**Description of the task:** Every entry below should be reproduced exactly, with all pictures left out.

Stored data
==================================================
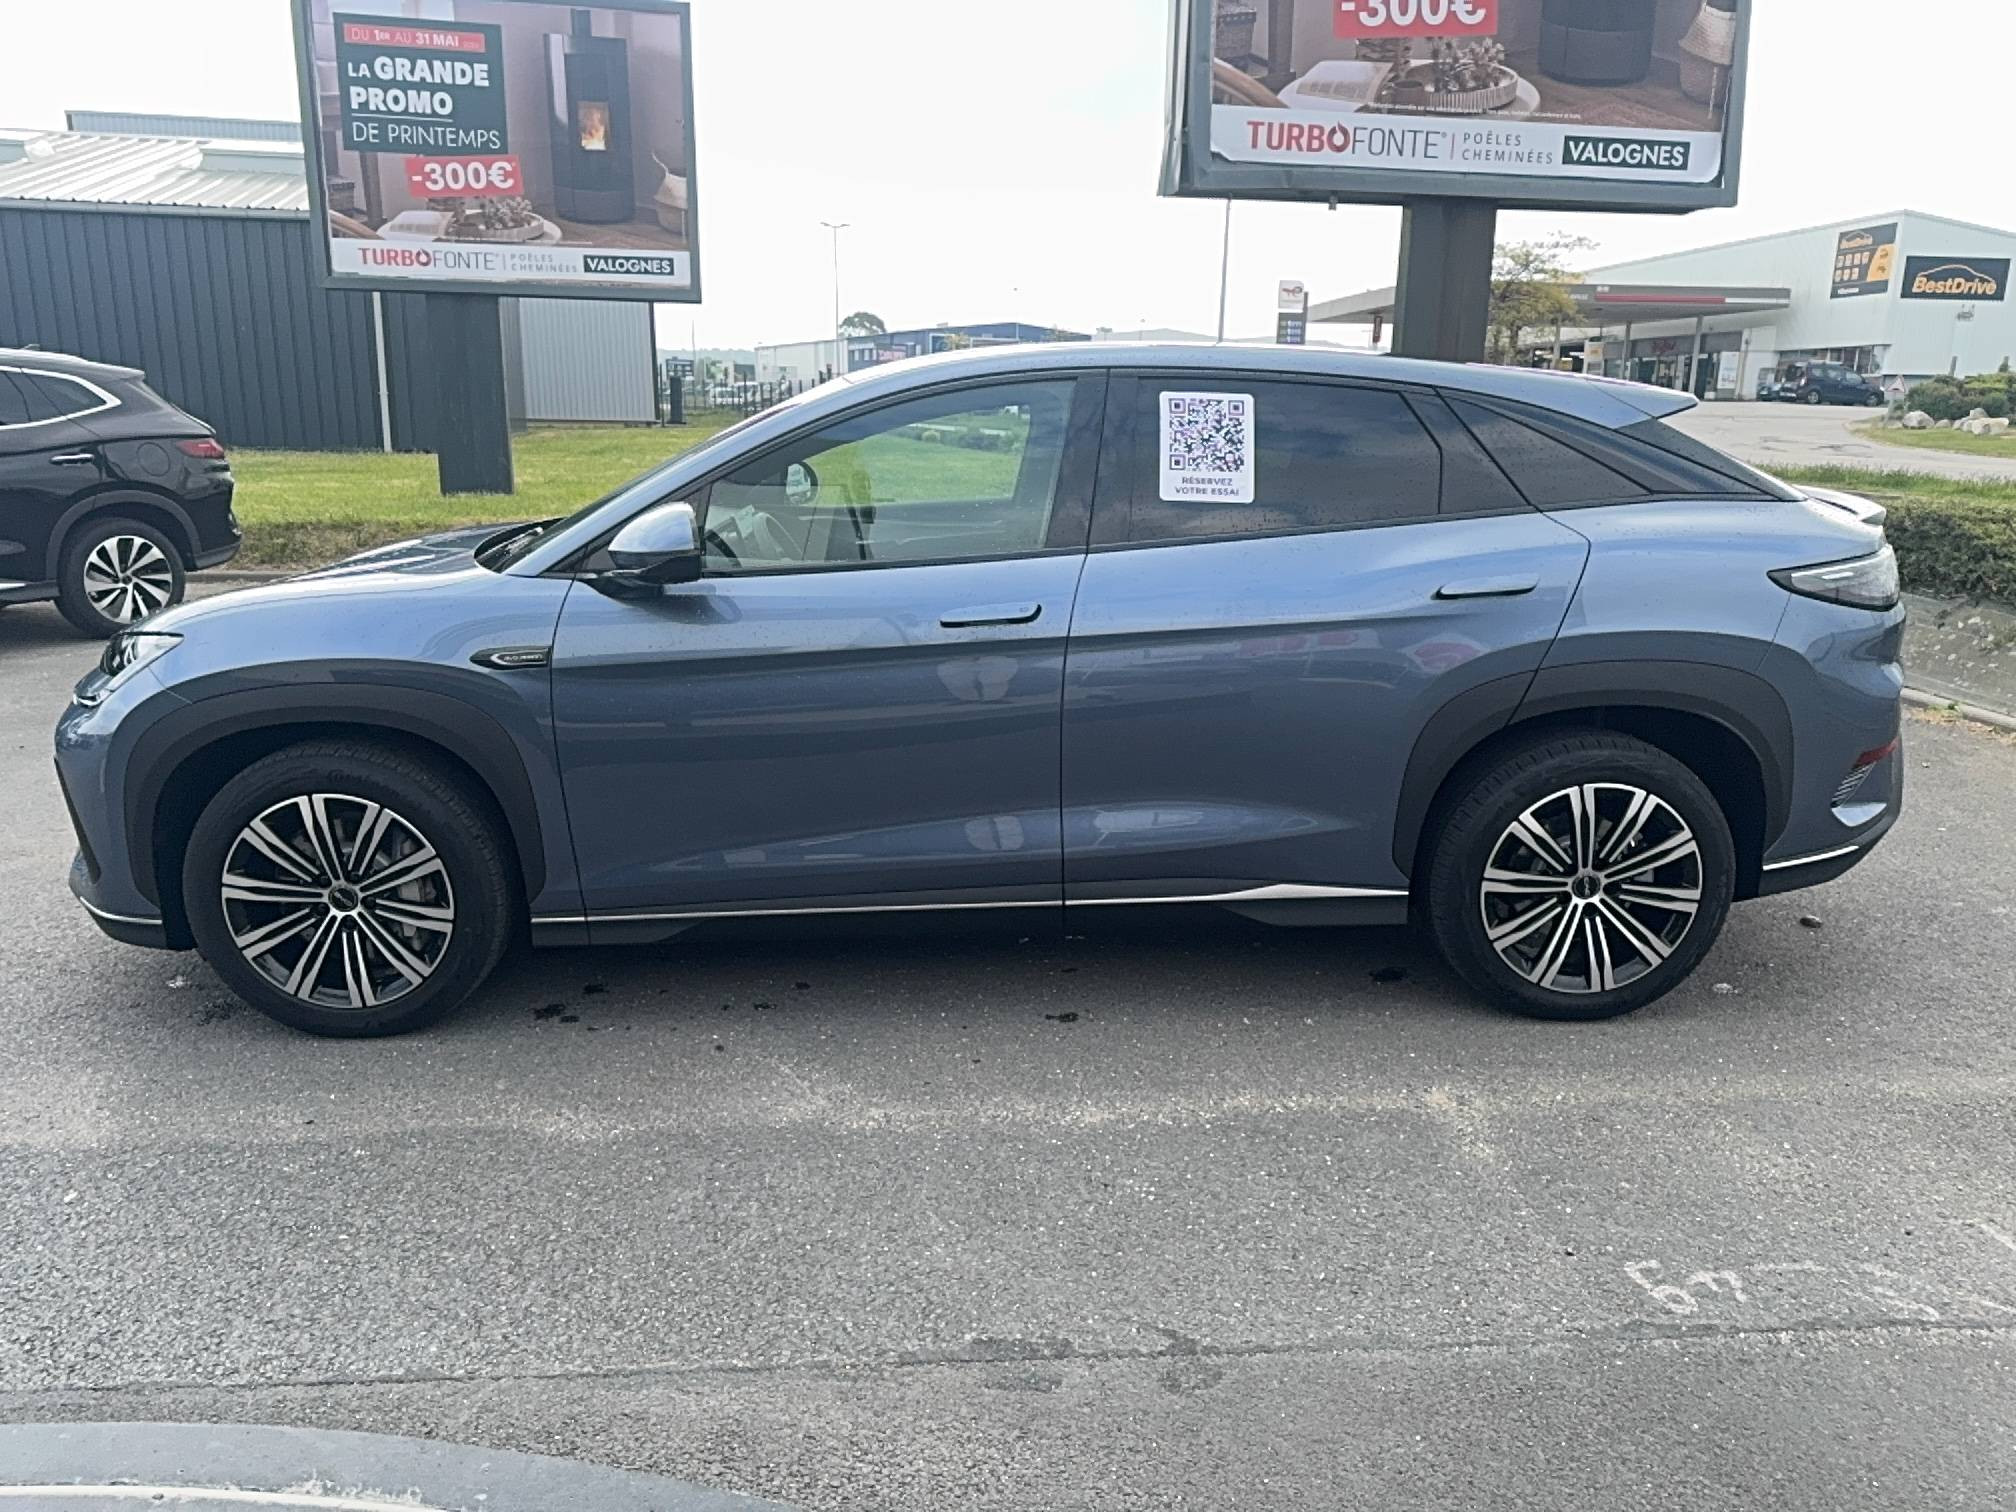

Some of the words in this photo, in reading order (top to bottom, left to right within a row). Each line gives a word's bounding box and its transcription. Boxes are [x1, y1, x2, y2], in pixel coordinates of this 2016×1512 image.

[1341, 0, 1487, 27] -300€
[351, 28, 369, 40] DU
[394, 32, 412, 44] AU
[415, 32, 430, 45] 31
[433, 34, 459, 47] MAI
[347, 62, 371, 79] LA
[374, 56, 490, 87] GRANDE
[350, 85, 454, 115] PROMO
[352, 122, 380, 143] DE
[388, 123, 501, 149] PRINTEMPS
[1463, 130, 1522, 147] POÊLES
[1462, 149, 1553, 165] CHEMINÉES
[1569, 141, 1685, 167] VALOGNES
[586, 257, 671, 274] VALOGNES
[1912, 276, 1997, 295] BestDrive
[1175, 486, 1208, 496] VOTRE
[1211, 486, 1239, 497] ESSAI
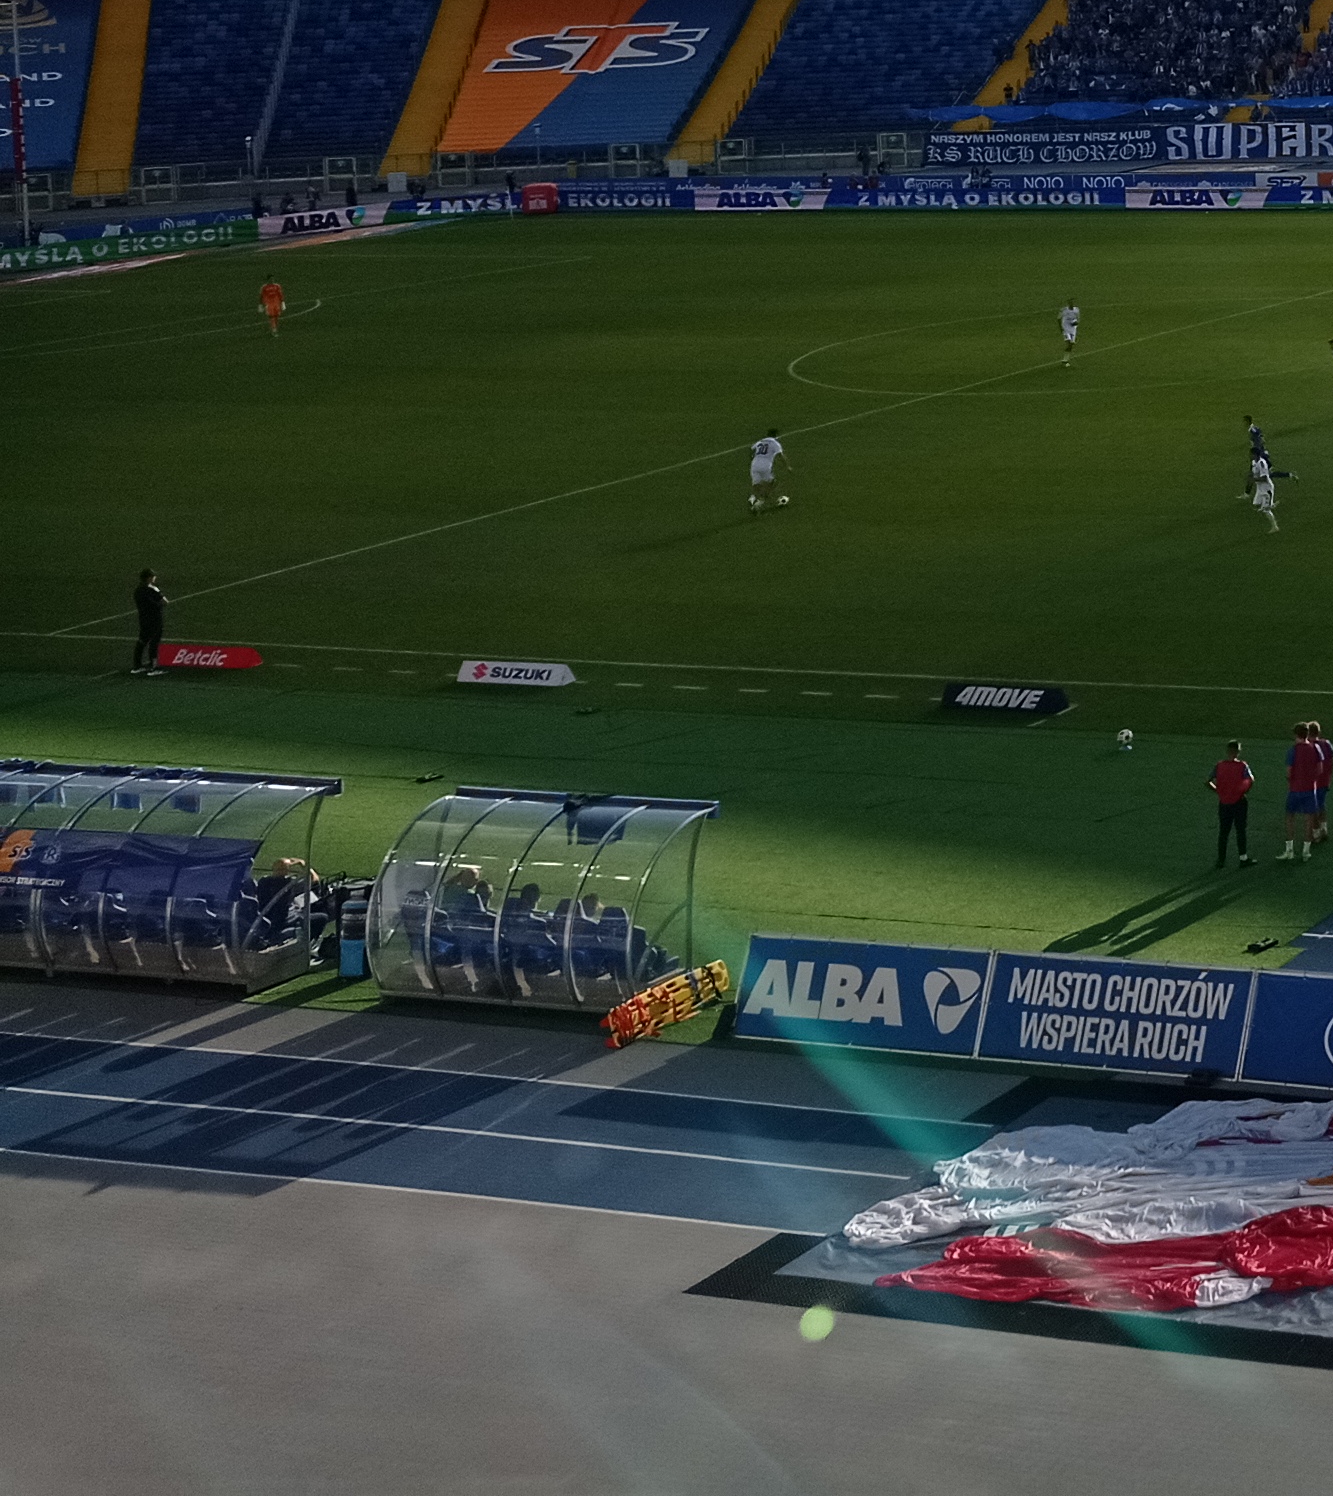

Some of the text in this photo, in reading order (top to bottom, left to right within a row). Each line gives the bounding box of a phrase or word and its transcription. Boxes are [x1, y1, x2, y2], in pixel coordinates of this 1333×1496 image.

[484, 22, 710, 74] STS
[931, 130, 1151, 144] NASZYM HONOREM JEST NASZ KLUB
[927, 145, 962, 163] KS
[968, 145, 1035, 165] RUCH
[416, 202, 431, 215] Z
[440, 194, 522, 214] MYŚL
[568, 193, 671, 207] EKOLOGII
[717, 192, 778, 208] ALBA
[858, 191, 1099, 209] Z MYŚLĄ O EKOLOGII
[1150, 190, 1214, 206] ALBA
[1301, 191, 1314, 203] Z
[280, 211, 341, 234] ALBA
[117, 226, 233, 252] EKOLOGII
[172, 648, 229, 667] Betclic
[490, 666, 552, 682] SUZUKI
[955, 686, 1045, 710] 4MOVE
[743, 959, 903, 1027] ALBA
[1008, 967, 1235, 1020] MIASTO CHORZÓW
[1019, 1011, 1207, 1062] WSPIERA RUCH
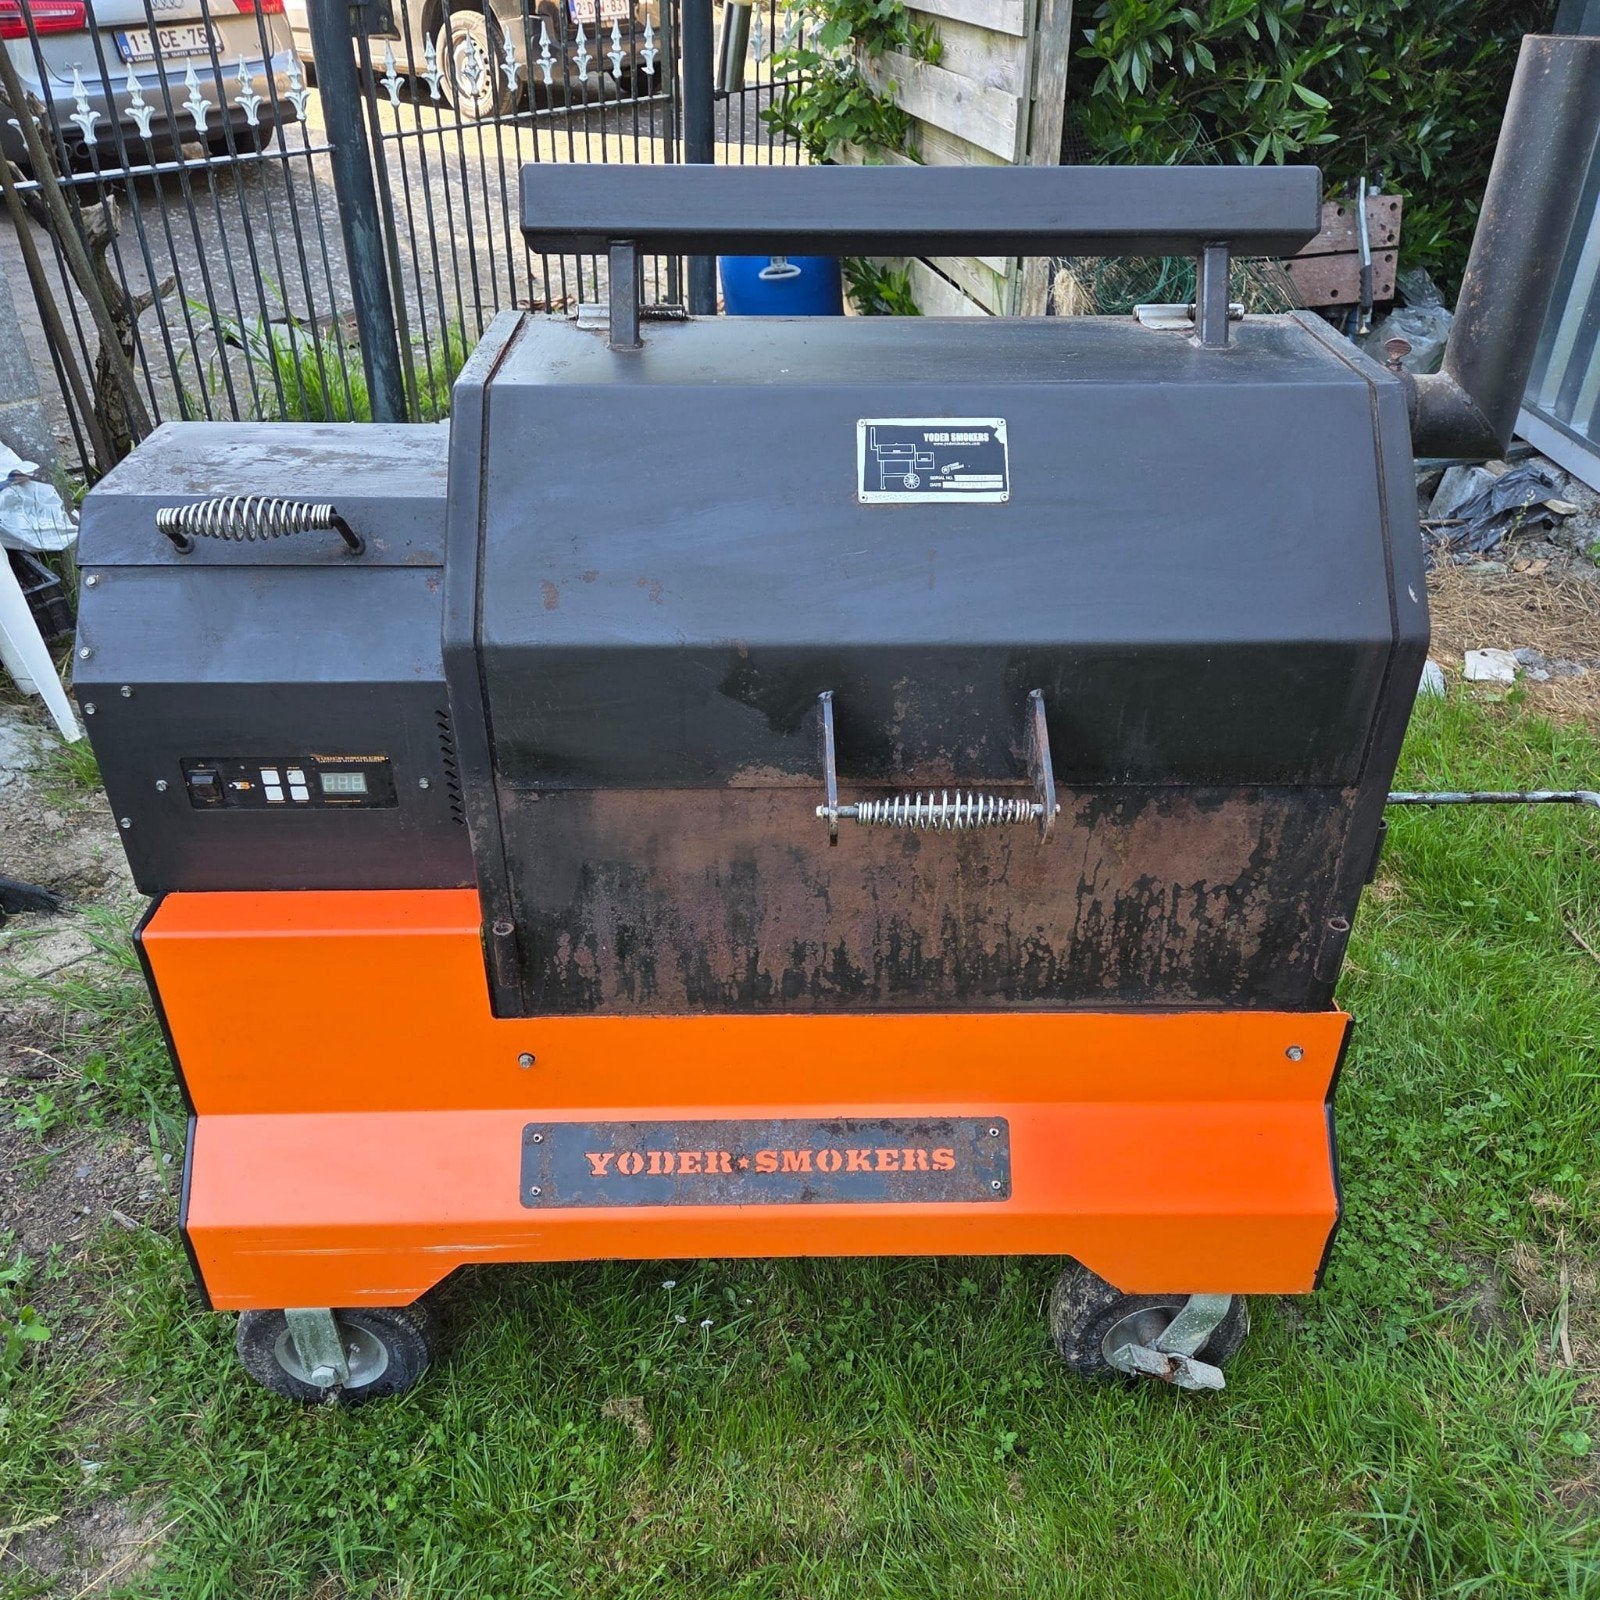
==================================================
**Your response:**
Some of the words in this photo, in reading order (top to bottom, left to right within a row). Each line gives a word's bounding box and its transcription. Boxes are [x1, y1, x2, y2], in pixel coordinates of this 2016×1512 image.

[1341, 0, 1487, 27] -300€
[351, 28, 369, 40] DU
[394, 32, 412, 44] AU
[415, 32, 430, 45] 31
[433, 34, 459, 47] MAI
[347, 62, 371, 79] LA
[374, 56, 490, 87] GRANDE
[350, 85, 454, 115] PROMO
[352, 122, 380, 143] DE
[388, 123, 501, 149] PRINTEMPS
[1463, 130, 1522, 147] POÊLES
[1462, 149, 1553, 165] CHEMINÉES
[1569, 141, 1685, 167] VALOGNES
[586, 257, 671, 274] VALOGNES
[1912, 276, 1997, 295] BestDrive
[1175, 486, 1208, 496] VOTRE
[1211, 486, 1239, 497] ESSAI

Some of the text in this photo, in reading order (top to bottom, left to right within a row). Each line gives the bounding box of a phrase or word and its transcription. Boxes are [x1, y1, x2, y2], in pixel coordinates of this 1333×1496 image.

[484, 22, 710, 74] STS
[931, 130, 1151, 144] NASZYM HONOREM JEST NASZ KLUB
[927, 145, 962, 163] KS
[968, 145, 1035, 165] RUCH
[416, 202, 431, 215] Z
[440, 194, 522, 214] MYŚL
[568, 193, 671, 207] EKOLOGII
[717, 192, 778, 208] ALBA
[858, 191, 1099, 209] Z MYŚLĄ O EKOLOGII
[1150, 190, 1214, 206] ALBA
[1301, 191, 1314, 203] Z
[280, 211, 341, 234] ALBA
[117, 226, 233, 252] EKOLOGII
[172, 648, 229, 667] Betclic
[490, 666, 552, 682] SUZUKI
[955, 686, 1045, 710] 4MOVE
[743, 959, 903, 1027] ALBA
[1008, 967, 1235, 1020] MIASTO CHORZÓW
[1019, 1011, 1207, 1062] WSPIERA RUCH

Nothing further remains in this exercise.